# [What needs to be done]
Write out each record below exactly, without pictures.

(Saved data entries)
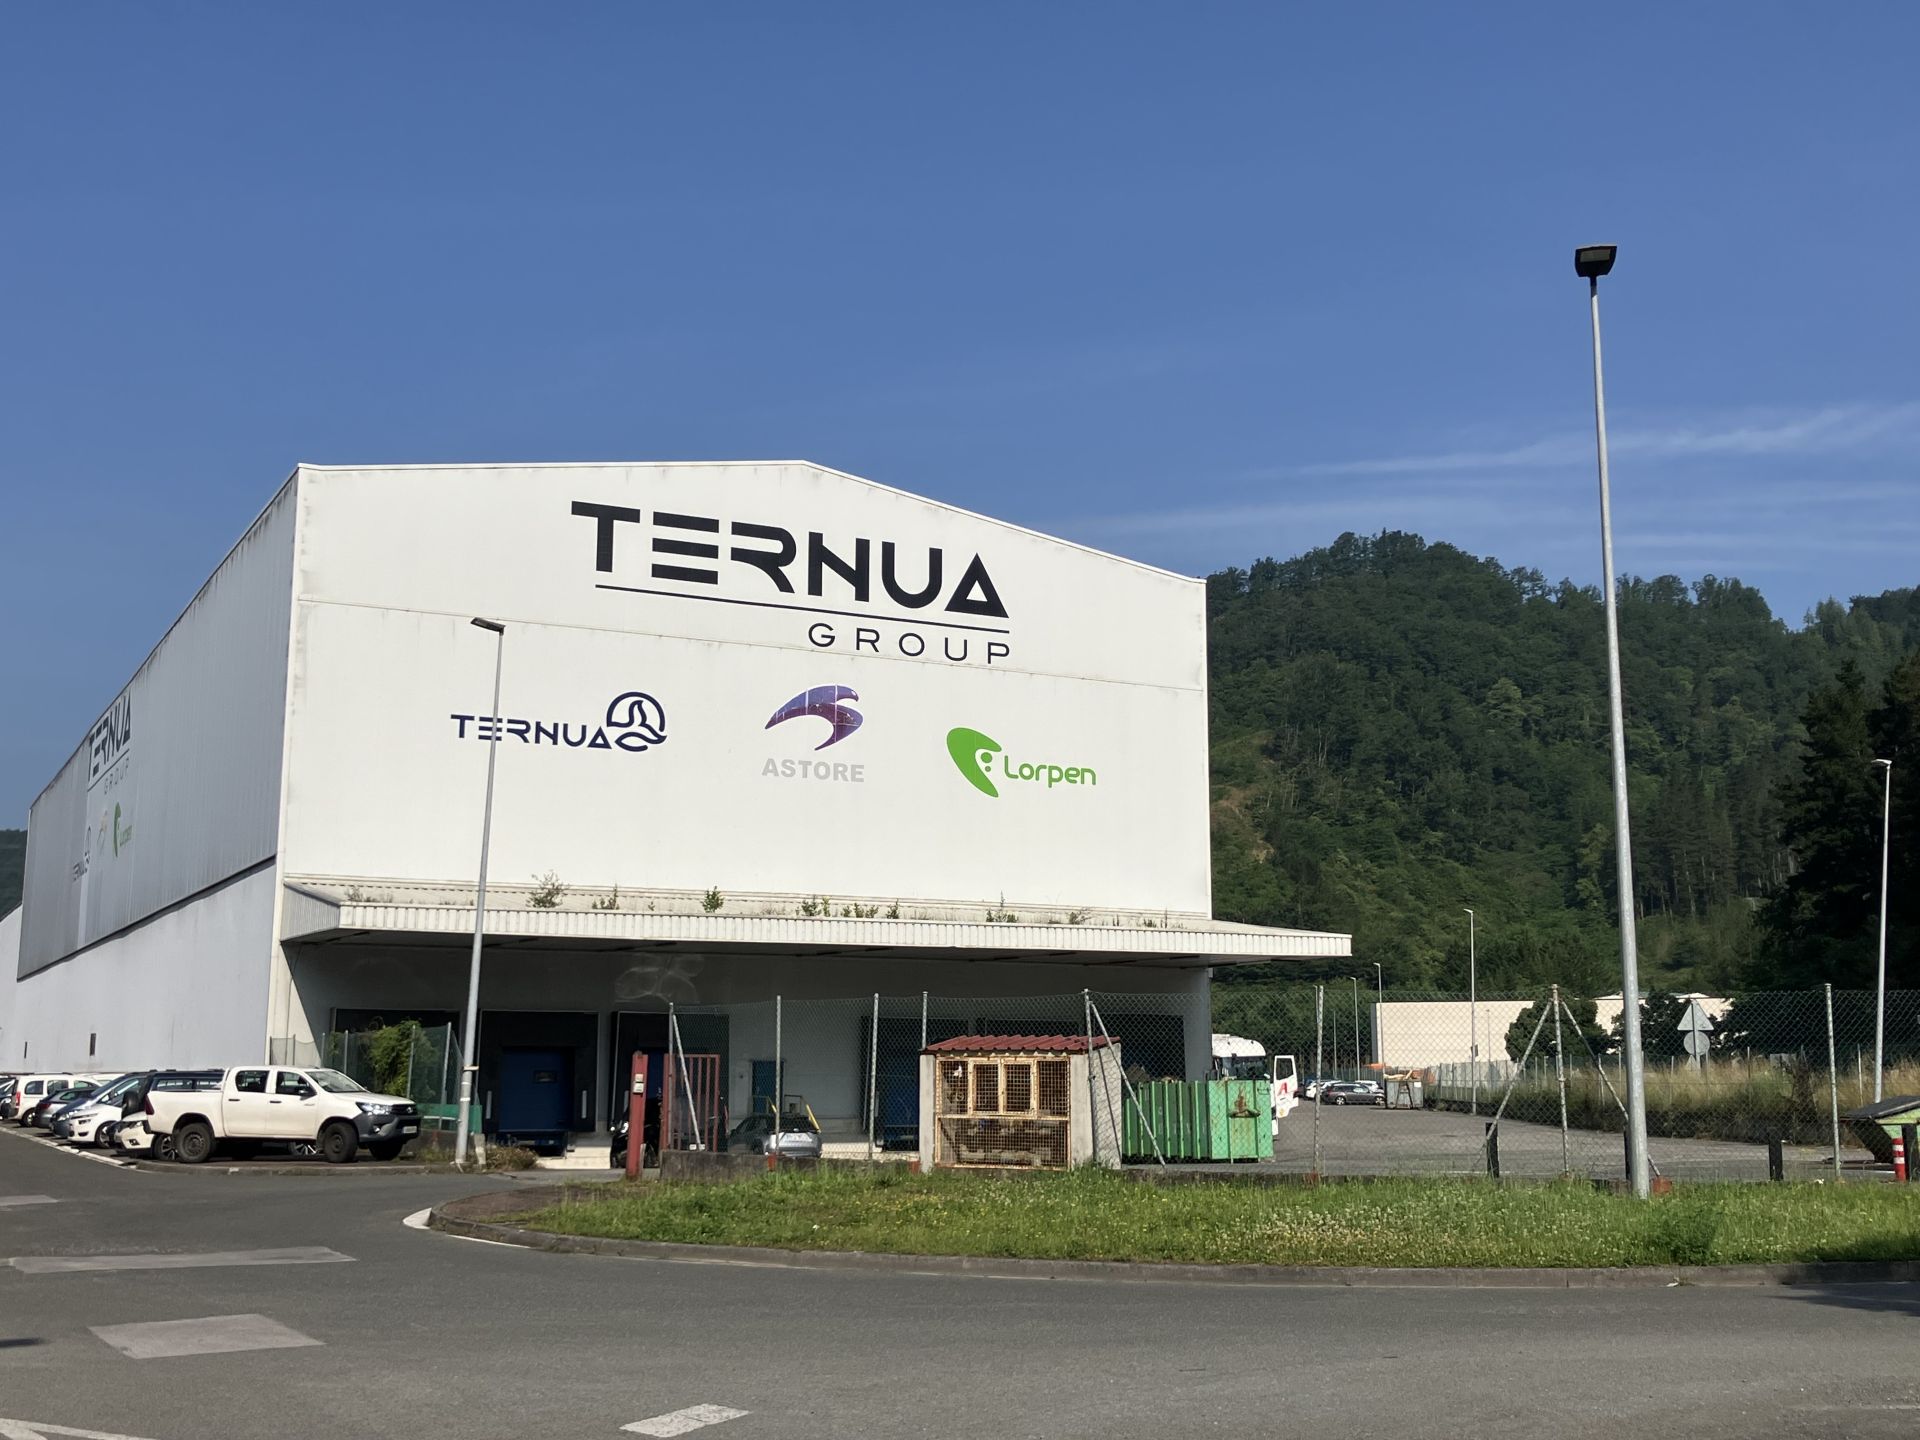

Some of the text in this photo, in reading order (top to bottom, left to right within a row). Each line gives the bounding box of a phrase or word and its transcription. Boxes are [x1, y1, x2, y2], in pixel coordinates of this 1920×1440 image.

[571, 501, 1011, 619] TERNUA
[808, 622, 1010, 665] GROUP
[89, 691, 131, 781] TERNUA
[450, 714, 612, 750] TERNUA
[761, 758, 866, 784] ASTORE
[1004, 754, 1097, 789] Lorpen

# [Worked solution]
Some of the text in this photo, in reading order (top to bottom, left to right within a row). Each line gives the bounding box of a phrase or word and its transcription. Boxes are [x1, y1, x2, y2], in pixel coordinates of this 1920×1440 image.

[571, 501, 1011, 619] TERNUA
[808, 622, 1010, 665] GROUP
[89, 691, 131, 781] TERNUA
[450, 714, 612, 750] TERNUA
[761, 758, 866, 784] ASTORE
[1004, 754, 1097, 789] Lorpen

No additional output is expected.